Copy nothing before the line that contains "this 1500×1000 image."; from there, transcribe each line exactly through the end of the material, omitting pictures.

** EXCERPTED RECORDS follows **

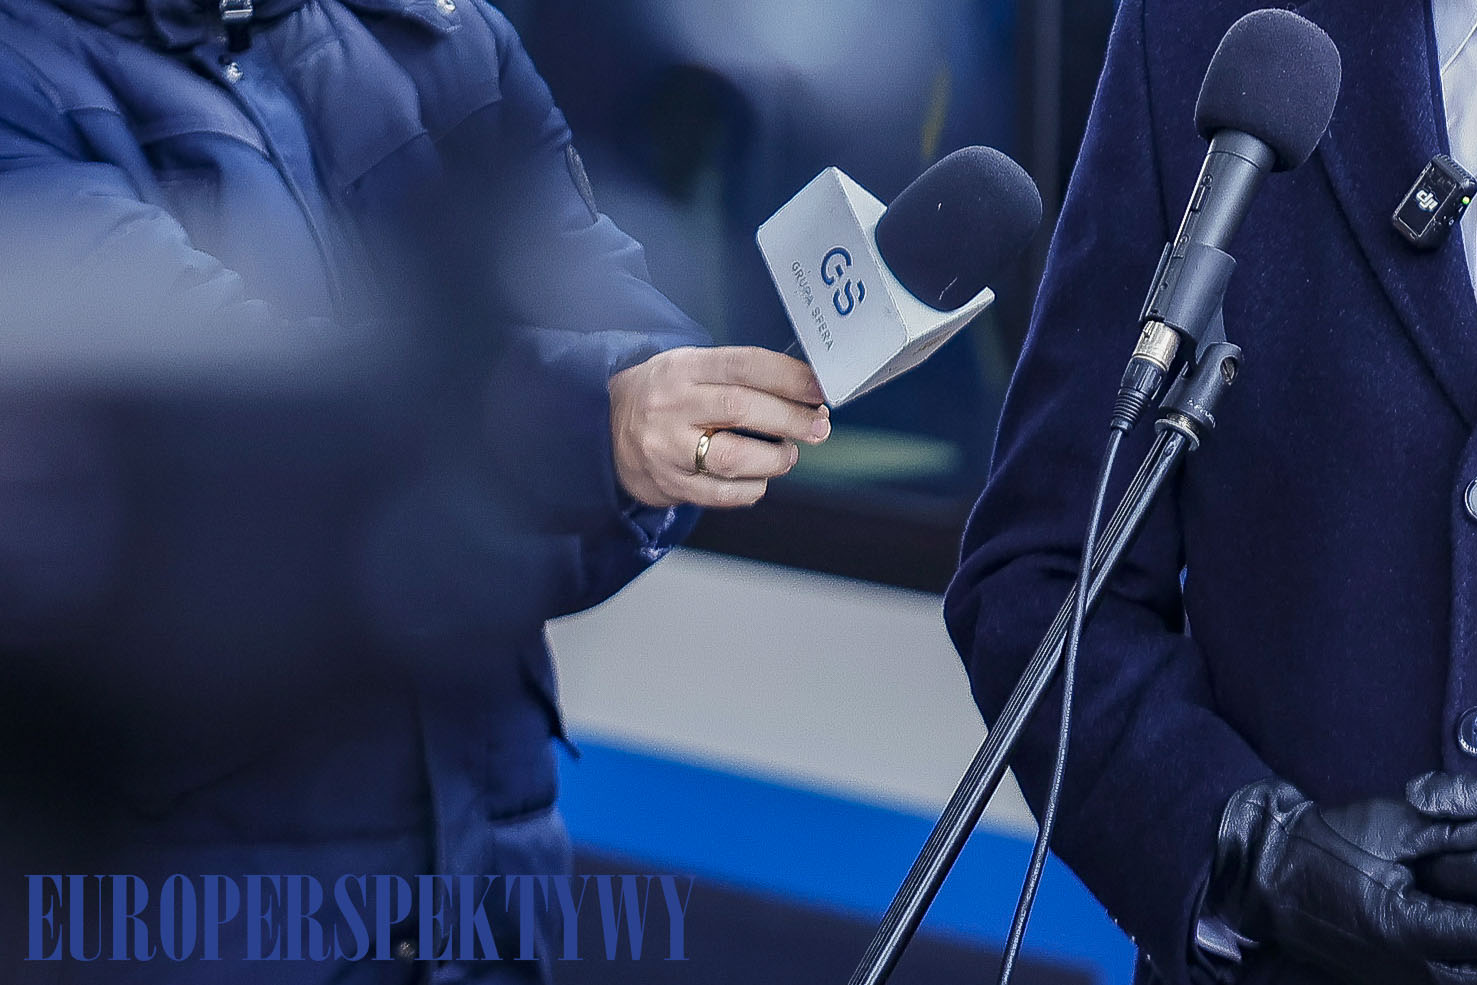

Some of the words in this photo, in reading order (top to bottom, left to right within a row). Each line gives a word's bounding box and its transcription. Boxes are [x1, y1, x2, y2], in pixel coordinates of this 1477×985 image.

[791, 260, 815, 307] GRUPA
[811, 306, 835, 352] SFERA
[821, 246, 866, 316] GS
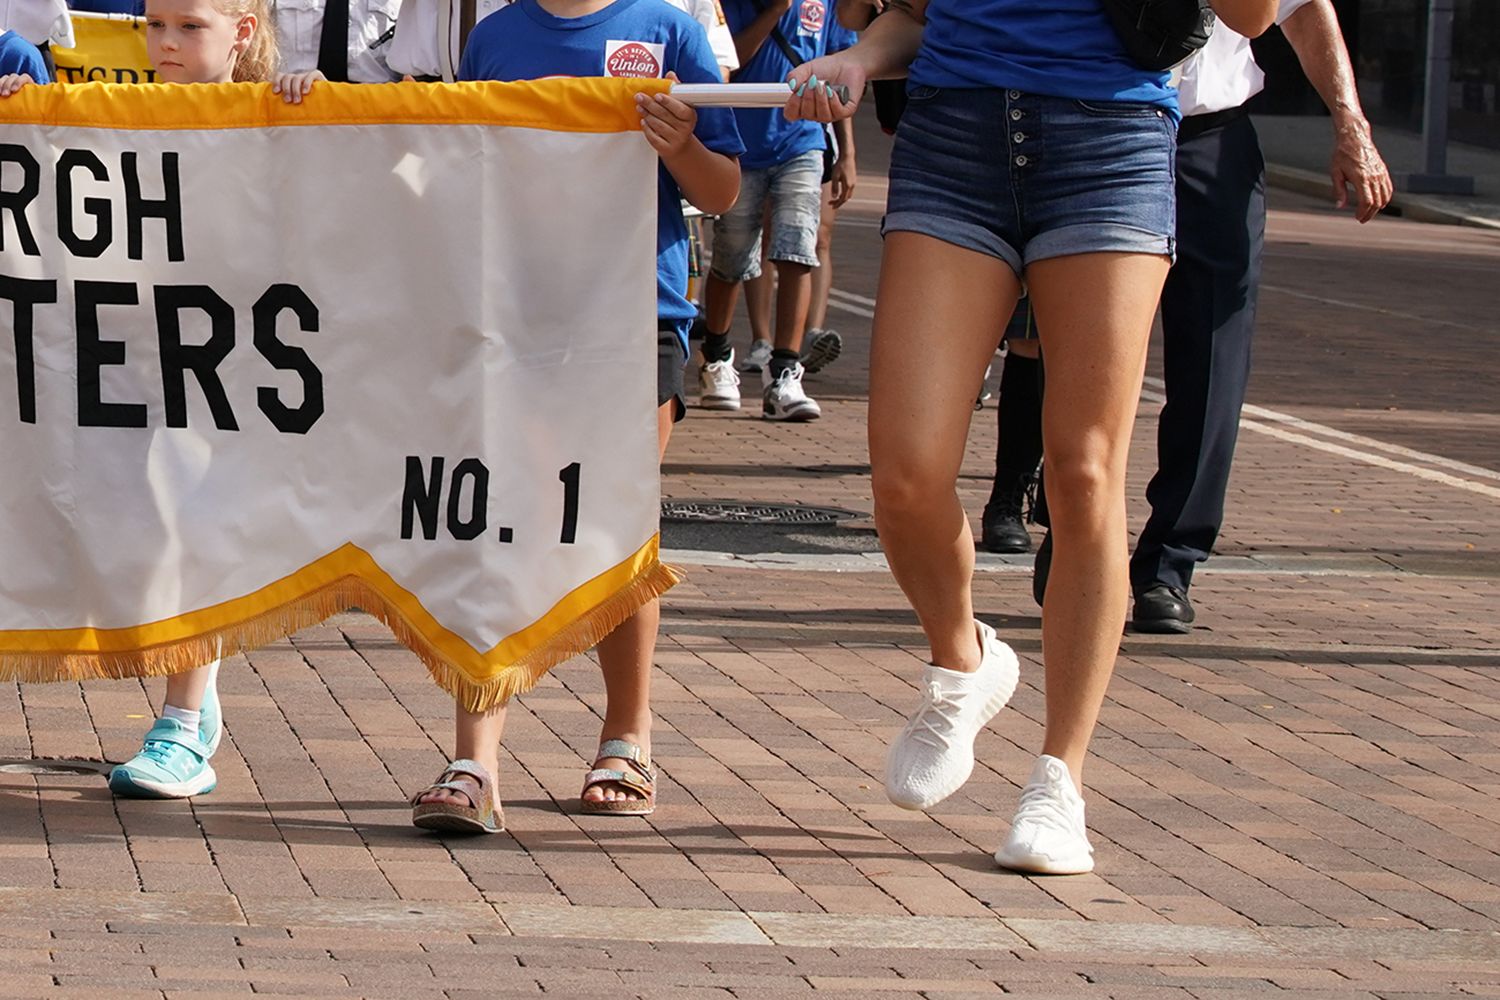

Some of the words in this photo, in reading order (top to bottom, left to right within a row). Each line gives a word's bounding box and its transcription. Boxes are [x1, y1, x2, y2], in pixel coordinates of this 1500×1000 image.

[616, 48, 629, 57] IT'S
[610, 58, 657, 73] Union
[401, 456, 513, 544] NO.
[560, 463, 581, 544] 1
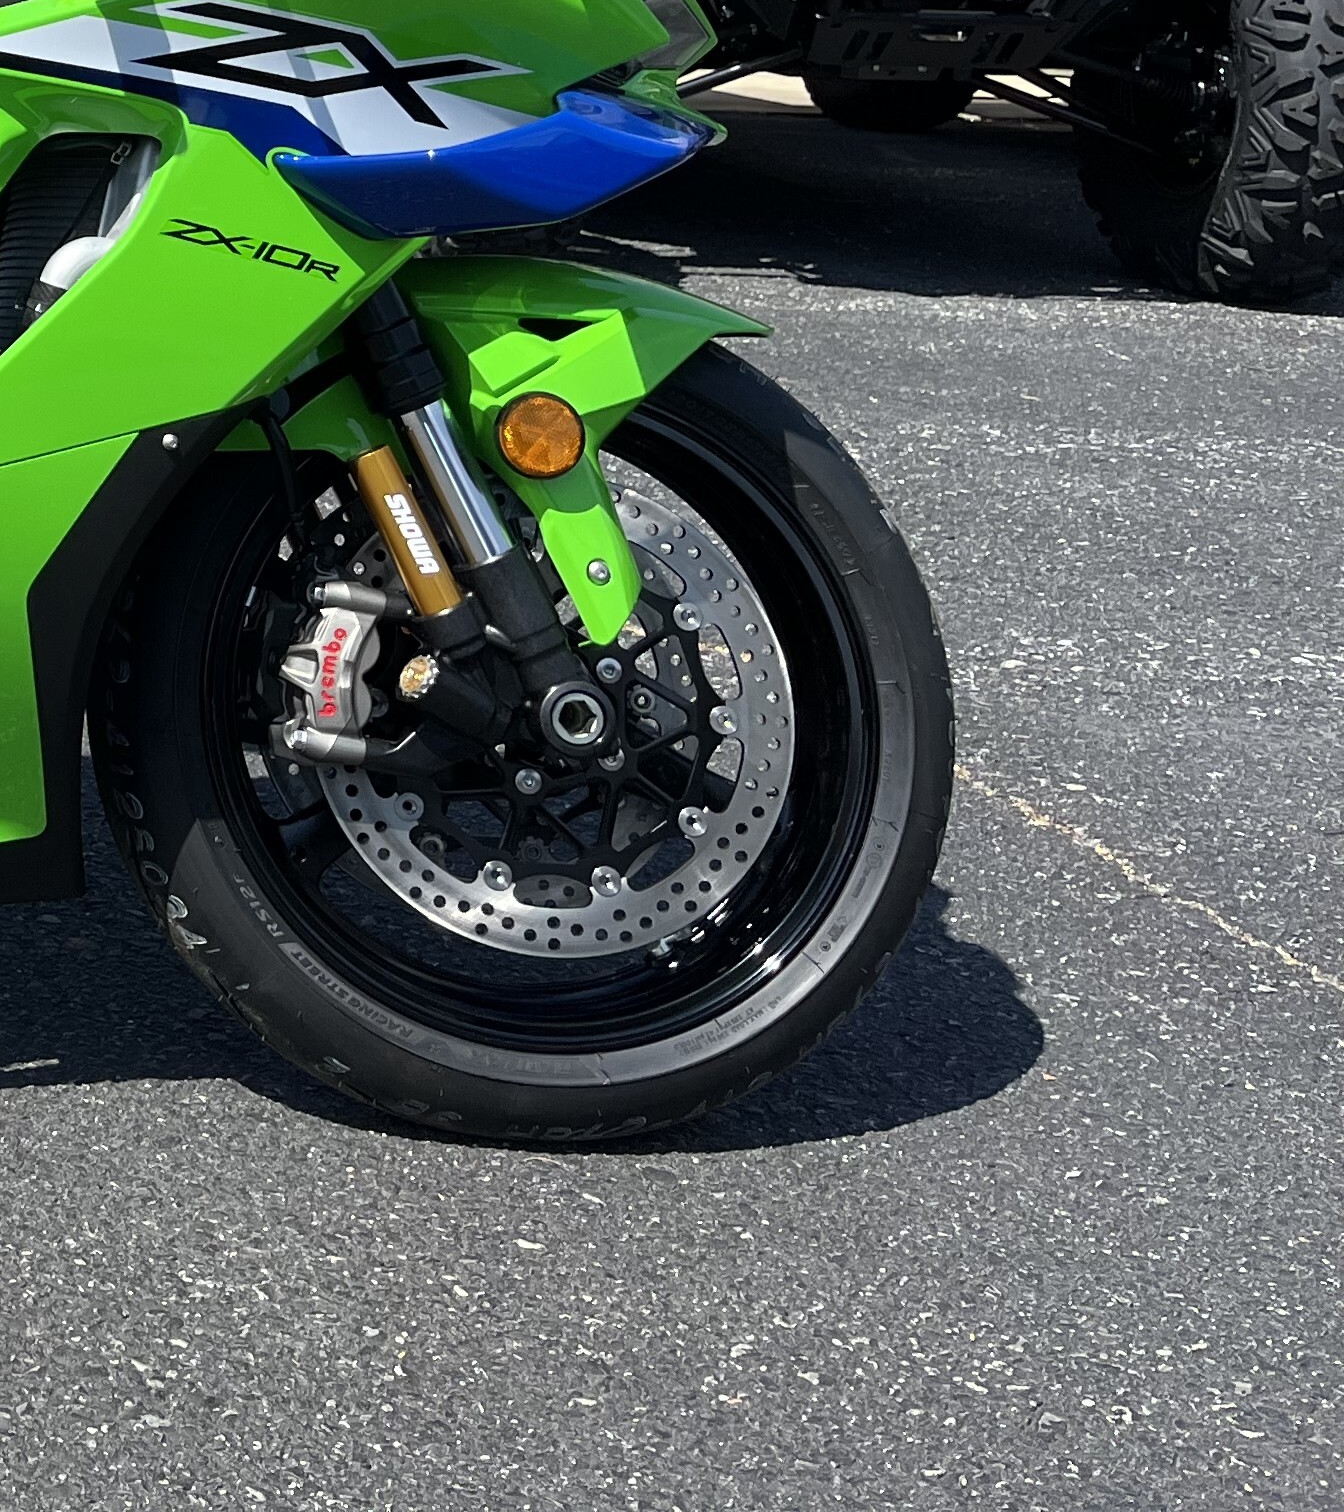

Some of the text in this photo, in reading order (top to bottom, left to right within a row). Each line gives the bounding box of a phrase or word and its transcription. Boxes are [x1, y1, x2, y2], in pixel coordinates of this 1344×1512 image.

** End of EXCERPTED RECORDS **

— ANSWER —
Some of the words in this photo, in reading order (top to bottom, left to right within a row). Each line gives a word's bounding box and its transcription. Boxes are [x1, y1, x2, y2], in pixel coordinates of this 1500×1000 image.

[616, 48, 629, 57] IT'S
[610, 58, 657, 73] Union
[401, 456, 513, 544] NO.
[560, 463, 581, 544] 1

Some of the text in this photo, in reading order (top to bottom, left to right within a row). Each line gives the bounding box of a phrase or word and its transcription. Boxes are [x1, y1, x2, y2], in pixel coordinates of this 1344×1512 image.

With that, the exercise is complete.